Top of Exercise input

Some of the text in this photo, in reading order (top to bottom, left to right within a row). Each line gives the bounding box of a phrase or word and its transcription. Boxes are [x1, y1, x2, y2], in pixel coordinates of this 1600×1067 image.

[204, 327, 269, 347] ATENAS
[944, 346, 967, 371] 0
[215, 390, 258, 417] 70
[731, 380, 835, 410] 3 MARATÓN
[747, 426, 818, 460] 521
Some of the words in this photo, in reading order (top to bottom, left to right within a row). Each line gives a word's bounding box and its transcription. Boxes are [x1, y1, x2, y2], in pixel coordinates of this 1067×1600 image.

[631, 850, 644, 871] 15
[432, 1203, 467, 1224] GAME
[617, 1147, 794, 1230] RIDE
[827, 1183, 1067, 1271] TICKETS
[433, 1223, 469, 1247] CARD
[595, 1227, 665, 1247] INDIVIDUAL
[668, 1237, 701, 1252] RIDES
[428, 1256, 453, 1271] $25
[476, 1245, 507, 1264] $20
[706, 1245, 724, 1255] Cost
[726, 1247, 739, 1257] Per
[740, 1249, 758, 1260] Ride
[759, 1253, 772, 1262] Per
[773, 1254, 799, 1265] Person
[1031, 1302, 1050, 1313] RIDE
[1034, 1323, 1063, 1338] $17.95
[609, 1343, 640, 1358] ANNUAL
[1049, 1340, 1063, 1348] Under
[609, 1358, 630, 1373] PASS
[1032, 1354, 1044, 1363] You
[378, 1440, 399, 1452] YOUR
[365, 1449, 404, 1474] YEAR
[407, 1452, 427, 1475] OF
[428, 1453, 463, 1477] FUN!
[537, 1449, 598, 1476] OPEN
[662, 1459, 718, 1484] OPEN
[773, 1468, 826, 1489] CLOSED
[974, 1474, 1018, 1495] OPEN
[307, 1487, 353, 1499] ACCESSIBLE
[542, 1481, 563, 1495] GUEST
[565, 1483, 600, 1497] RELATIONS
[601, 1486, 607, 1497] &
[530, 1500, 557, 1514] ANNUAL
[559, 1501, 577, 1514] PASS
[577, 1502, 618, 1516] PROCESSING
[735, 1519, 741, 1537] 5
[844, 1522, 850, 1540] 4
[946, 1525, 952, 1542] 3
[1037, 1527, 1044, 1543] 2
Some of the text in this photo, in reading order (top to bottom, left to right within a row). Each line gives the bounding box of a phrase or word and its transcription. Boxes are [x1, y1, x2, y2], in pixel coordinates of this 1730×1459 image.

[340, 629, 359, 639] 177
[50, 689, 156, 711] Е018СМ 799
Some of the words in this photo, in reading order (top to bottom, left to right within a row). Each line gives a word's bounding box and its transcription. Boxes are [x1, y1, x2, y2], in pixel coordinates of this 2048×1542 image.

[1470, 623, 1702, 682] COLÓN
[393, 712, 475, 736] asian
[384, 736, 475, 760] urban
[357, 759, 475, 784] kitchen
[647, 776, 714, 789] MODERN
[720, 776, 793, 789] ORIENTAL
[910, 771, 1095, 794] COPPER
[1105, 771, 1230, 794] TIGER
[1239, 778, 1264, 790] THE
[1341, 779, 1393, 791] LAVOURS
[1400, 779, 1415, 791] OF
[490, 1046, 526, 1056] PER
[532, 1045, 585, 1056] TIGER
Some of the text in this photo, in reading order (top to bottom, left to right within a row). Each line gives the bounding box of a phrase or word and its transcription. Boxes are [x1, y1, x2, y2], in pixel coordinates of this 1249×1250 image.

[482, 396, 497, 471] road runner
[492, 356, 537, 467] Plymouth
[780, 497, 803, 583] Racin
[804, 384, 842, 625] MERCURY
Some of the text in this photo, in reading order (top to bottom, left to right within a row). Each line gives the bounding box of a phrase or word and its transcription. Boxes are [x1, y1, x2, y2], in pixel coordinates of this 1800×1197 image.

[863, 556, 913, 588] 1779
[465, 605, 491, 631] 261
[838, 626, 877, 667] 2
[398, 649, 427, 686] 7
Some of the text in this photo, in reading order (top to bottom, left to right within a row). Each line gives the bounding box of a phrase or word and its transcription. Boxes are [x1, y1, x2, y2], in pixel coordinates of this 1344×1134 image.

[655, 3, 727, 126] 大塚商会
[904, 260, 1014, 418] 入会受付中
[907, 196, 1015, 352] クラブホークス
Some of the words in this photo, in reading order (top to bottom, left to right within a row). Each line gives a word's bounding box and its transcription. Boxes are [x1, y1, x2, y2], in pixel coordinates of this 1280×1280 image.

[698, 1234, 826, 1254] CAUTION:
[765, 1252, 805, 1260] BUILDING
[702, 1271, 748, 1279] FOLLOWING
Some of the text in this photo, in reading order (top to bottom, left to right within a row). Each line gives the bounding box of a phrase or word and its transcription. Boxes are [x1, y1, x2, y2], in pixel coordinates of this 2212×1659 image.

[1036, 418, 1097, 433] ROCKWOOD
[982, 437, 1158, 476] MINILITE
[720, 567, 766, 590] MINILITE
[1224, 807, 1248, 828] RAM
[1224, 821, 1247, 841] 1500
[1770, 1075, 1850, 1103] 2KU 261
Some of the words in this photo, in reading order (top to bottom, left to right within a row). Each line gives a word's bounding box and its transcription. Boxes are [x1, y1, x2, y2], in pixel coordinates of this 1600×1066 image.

Bottom of Exercise input

* **What you are asked to do**:
Copy the entries exactly as they appear.

* **Solved problem**:
Some of the text in this photo, in reading order (top to bottom, left to right within a row). Each line gives the bounding box of a phrase or word and its transcription. Boxes are [x1, y1, x2, y2], in pixel coordinates of this 1600×1067 image.

[204, 327, 269, 347] ATENAS
[944, 346, 967, 371] 0
[215, 390, 258, 417] 70
[731, 380, 835, 410] 3 MARATÓN
[747, 426, 818, 460] 521
Some of the words in this photo, in reading order (top to bottom, left to right within a row). Each line gives a word's bounding box and its transcription. Boxes are [x1, y1, x2, y2], in pixel coordinates of this 1067×1600 image.

[631, 850, 644, 871] 15
[432, 1203, 467, 1224] GAME
[617, 1147, 794, 1230] RIDE
[827, 1183, 1067, 1271] TICKETS
[433, 1223, 469, 1247] CARD
[595, 1227, 665, 1247] INDIVIDUAL
[668, 1237, 701, 1252] RIDES
[428, 1256, 453, 1271] $25
[476, 1245, 507, 1264] $20
[706, 1245, 724, 1255] Cost
[726, 1247, 739, 1257] Per
[740, 1249, 758, 1260] Ride
[759, 1253, 772, 1262] Per
[773, 1254, 799, 1265] Person
[1031, 1302, 1050, 1313] RIDE
[1034, 1323, 1063, 1338] $17.95
[609, 1343, 640, 1358] ANNUAL
[1049, 1340, 1063, 1348] Under
[609, 1358, 630, 1373] PASS
[1032, 1354, 1044, 1363] You
[378, 1440, 399, 1452] YOUR
[365, 1449, 404, 1474] YEAR
[407, 1452, 427, 1475] OF
[428, 1453, 463, 1477] FUN!
[537, 1449, 598, 1476] OPEN
[662, 1459, 718, 1484] OPEN
[773, 1468, 826, 1489] CLOSED
[974, 1474, 1018, 1495] OPEN
[307, 1487, 353, 1499] ACCESSIBLE
[542, 1481, 563, 1495] GUEST
[565, 1483, 600, 1497] RELATIONS
[601, 1486, 607, 1497] &
[530, 1500, 557, 1514] ANNUAL
[559, 1501, 577, 1514] PASS
[577, 1502, 618, 1516] PROCESSING
[735, 1519, 741, 1537] 5
[844, 1522, 850, 1540] 4
[946, 1525, 952, 1542] 3
[1037, 1527, 1044, 1543] 2
Some of the text in this photo, in reading order (top to bottom, left to right within a row). Each line gives the bounding box of a phrase or word and its transcription. Boxes are [x1, y1, x2, y2], in pixel coordinates of this 1730×1459 image.

[340, 629, 359, 639] 177
[50, 689, 156, 711] Е018СМ 799
Some of the words in this photo, in reading order (top to bottom, left to right within a row). Each line gives a word's bounding box and its transcription. Boxes are [x1, y1, x2, y2], in pixel coordinates of this 2048×1542 image.

[1470, 623, 1702, 682] COLÓN
[393, 712, 475, 736] asian
[384, 736, 475, 760] urban
[357, 759, 475, 784] kitchen
[647, 776, 714, 789] MODERN
[720, 776, 793, 789] ORIENTAL
[910, 771, 1095, 794] COPPER
[1105, 771, 1230, 794] TIGER
[1239, 778, 1264, 790] THE
[1341, 779, 1393, 791] LAVOURS
[1400, 779, 1415, 791] OF
[490, 1046, 526, 1056] PER
[532, 1045, 585, 1056] TIGER
Some of the text in this photo, in reading order (top to bottom, left to right within a row). Each line gives the bounding box of a phrase or word and its transcription. Boxes are [x1, y1, x2, y2], in pixel coordinates of this 1249×1250 image.

[482, 396, 497, 471] road runner
[492, 356, 537, 467] Plymouth
[780, 497, 803, 583] Racin
[804, 384, 842, 625] MERCURY
Some of the text in this photo, in reading order (top to bottom, left to right within a row). Each line gives the bounding box of a phrase or word and its transcription. Boxes are [x1, y1, x2, y2], in pixel coordinates of this 1800×1197 image.

[863, 556, 913, 588] 1779
[465, 605, 491, 631] 261
[838, 626, 877, 667] 2
[398, 649, 427, 686] 7
Some of the text in this photo, in reading order (top to bottom, left to right within a row). Each line gives the bounding box of a phrase or word and its transcription. Boxes are [x1, y1, x2, y2], in pixel coordinates of this 1344×1134 image.

[655, 3, 727, 126] 大塚商会
[904, 260, 1014, 418] 入会受付中
[907, 196, 1015, 352] クラブホークス
Some of the words in this photo, in reading order (top to bottom, left to right within a row). Each line gives a word's bounding box and its transcription. Boxes are [x1, y1, x2, y2], in pixel coordinates of this 1280×1280 image.

[698, 1234, 826, 1254] CAUTION:
[765, 1252, 805, 1260] BUILDING
[702, 1271, 748, 1279] FOLLOWING
Some of the text in this photo, in reading order (top to bottom, left to right within a row). Each line gives the bounding box of a phrase or word and its transcription. Boxes are [x1, y1, x2, y2], in pixel coordinates of this 2212×1659 image.

[1036, 418, 1097, 433] ROCKWOOD
[982, 437, 1158, 476] MINILITE
[720, 567, 766, 590] MINILITE
[1224, 807, 1248, 828] RAM
[1224, 821, 1247, 841] 1500
[1770, 1075, 1850, 1103] 2KU 261
Some of the words in this photo, in reading order (top to bottom, left to right within a row). Each line gives a word's bounding box and its transcription. Boxes are [x1, y1, x2, y2], in pixel coordinates of this 1600×1066 image.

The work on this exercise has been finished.